==== Provided records ====

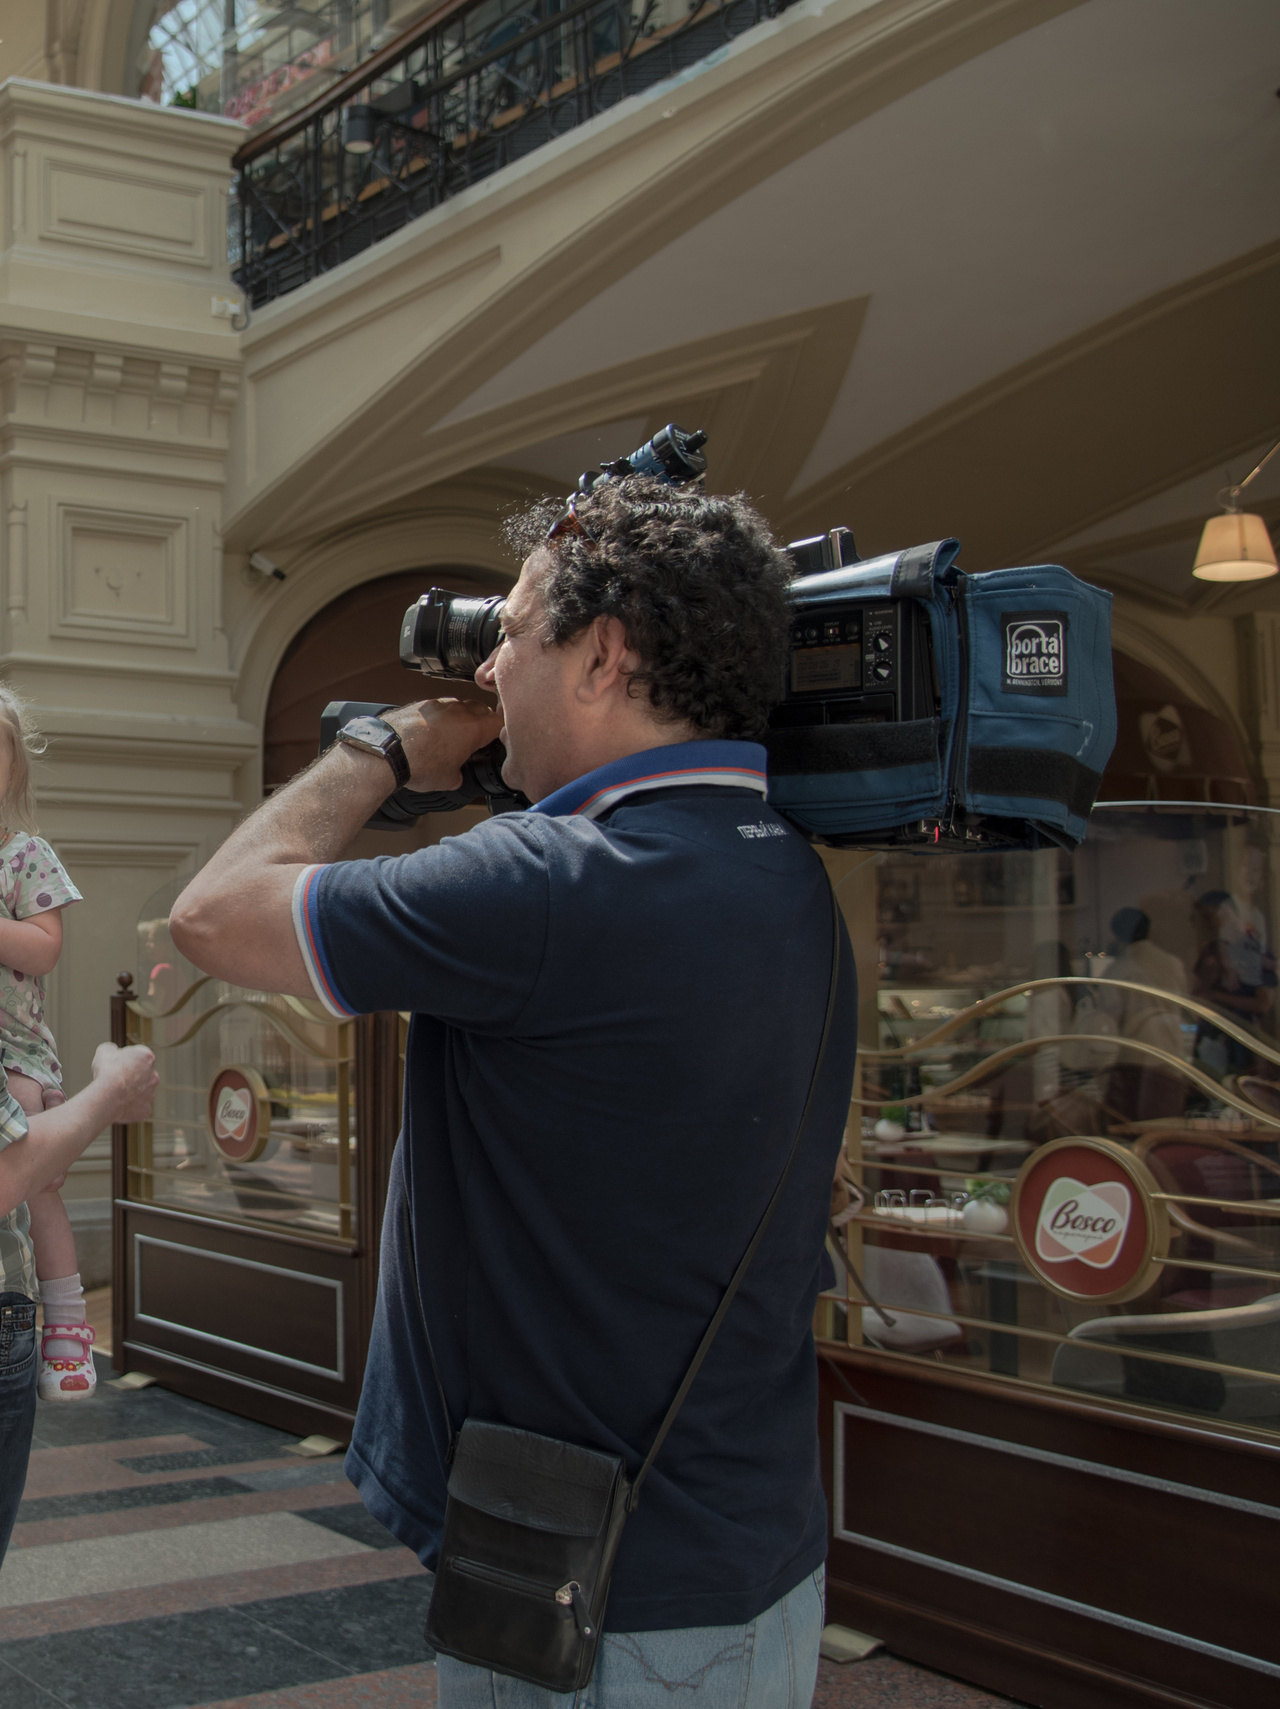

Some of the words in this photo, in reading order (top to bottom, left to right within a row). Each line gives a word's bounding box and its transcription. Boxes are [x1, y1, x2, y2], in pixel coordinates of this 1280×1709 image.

[1011, 631, 1059, 655] porta
[1011, 655, 1060, 674] brace
[221, 1099, 246, 1121] Bosco
[1050, 1198, 1116, 1234] Bosco
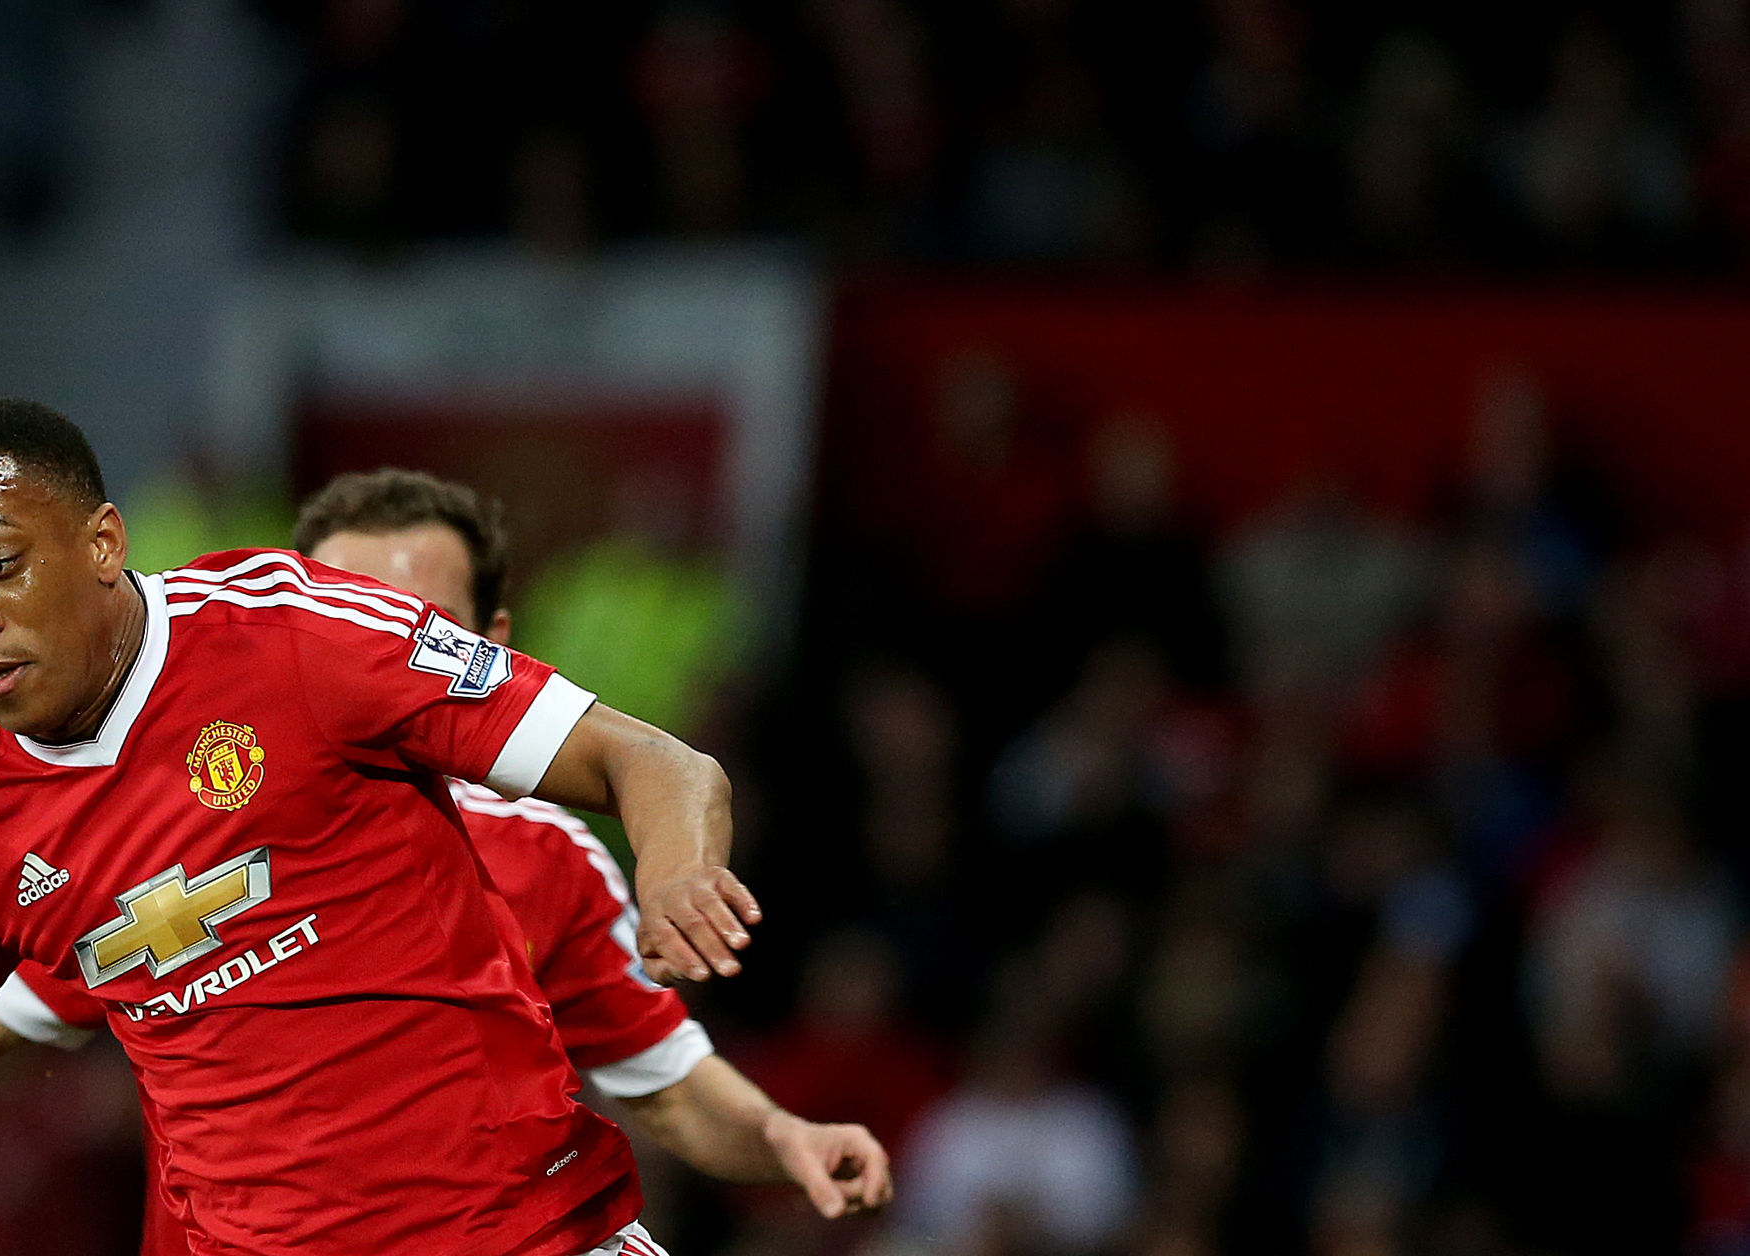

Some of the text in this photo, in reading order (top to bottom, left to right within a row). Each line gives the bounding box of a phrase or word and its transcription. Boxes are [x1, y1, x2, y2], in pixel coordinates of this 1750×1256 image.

[193, 726, 251, 769] MANCHESTER
[212, 779, 256, 806] UNITED
[17, 868, 70, 907] adidas
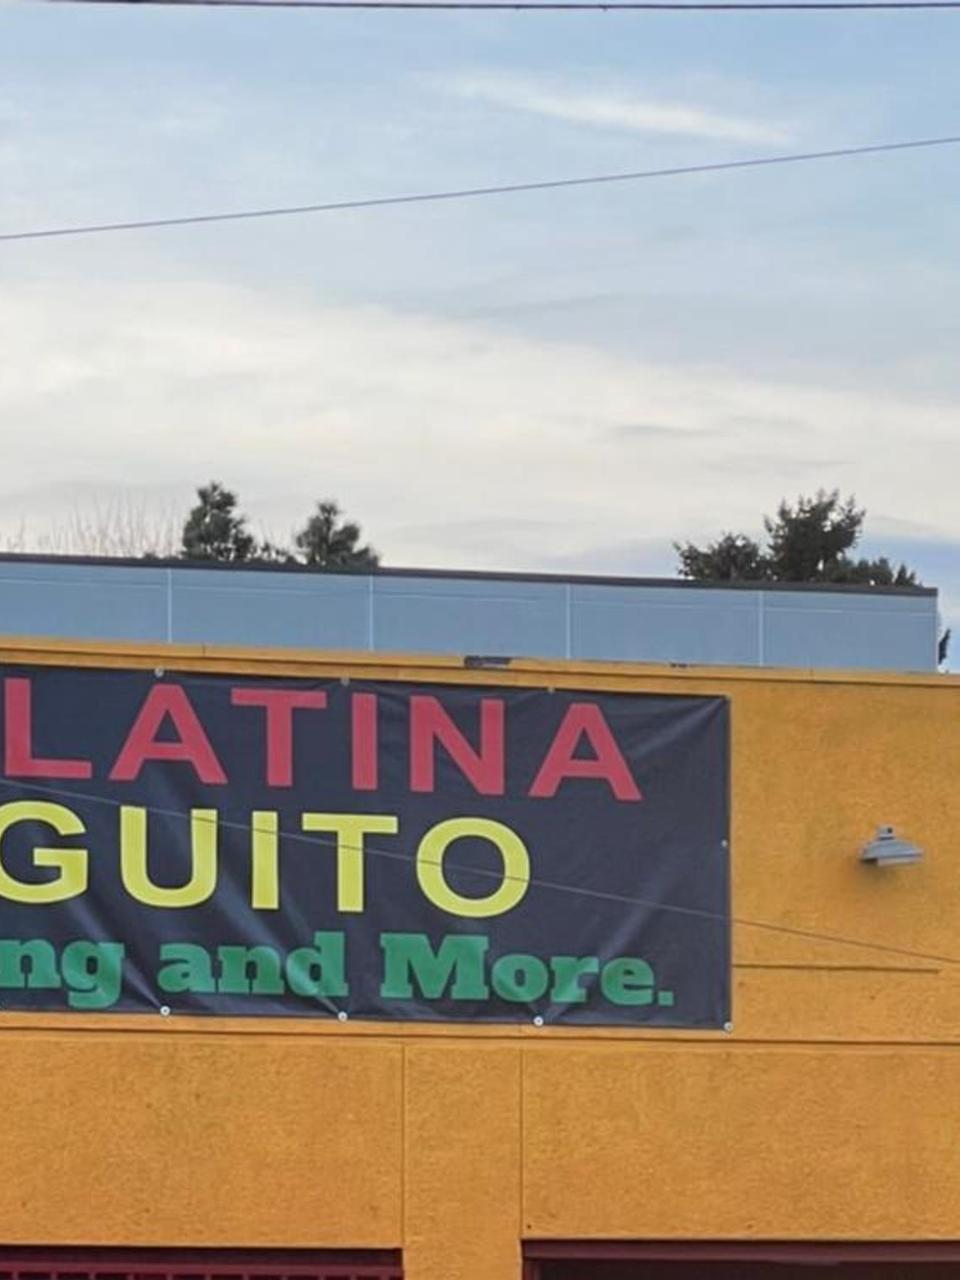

====

__About this exercise__. All that is required is the lines from the line containing "Some of the text" through the end of the records above, copied exactly, and none of the pictures.

__Reply__.
Some of the text in this photo, in reading order (top to bottom, left to right within a row). Each line gives the bounding box of a phrase or word and its transcription. Boxes are [x1, y1, x2, y2], in pixel coordinates of this 1750×1256 image.

[193, 726, 251, 769] MANCHESTER
[212, 779, 256, 806] UNITED
[17, 868, 70, 907] adidas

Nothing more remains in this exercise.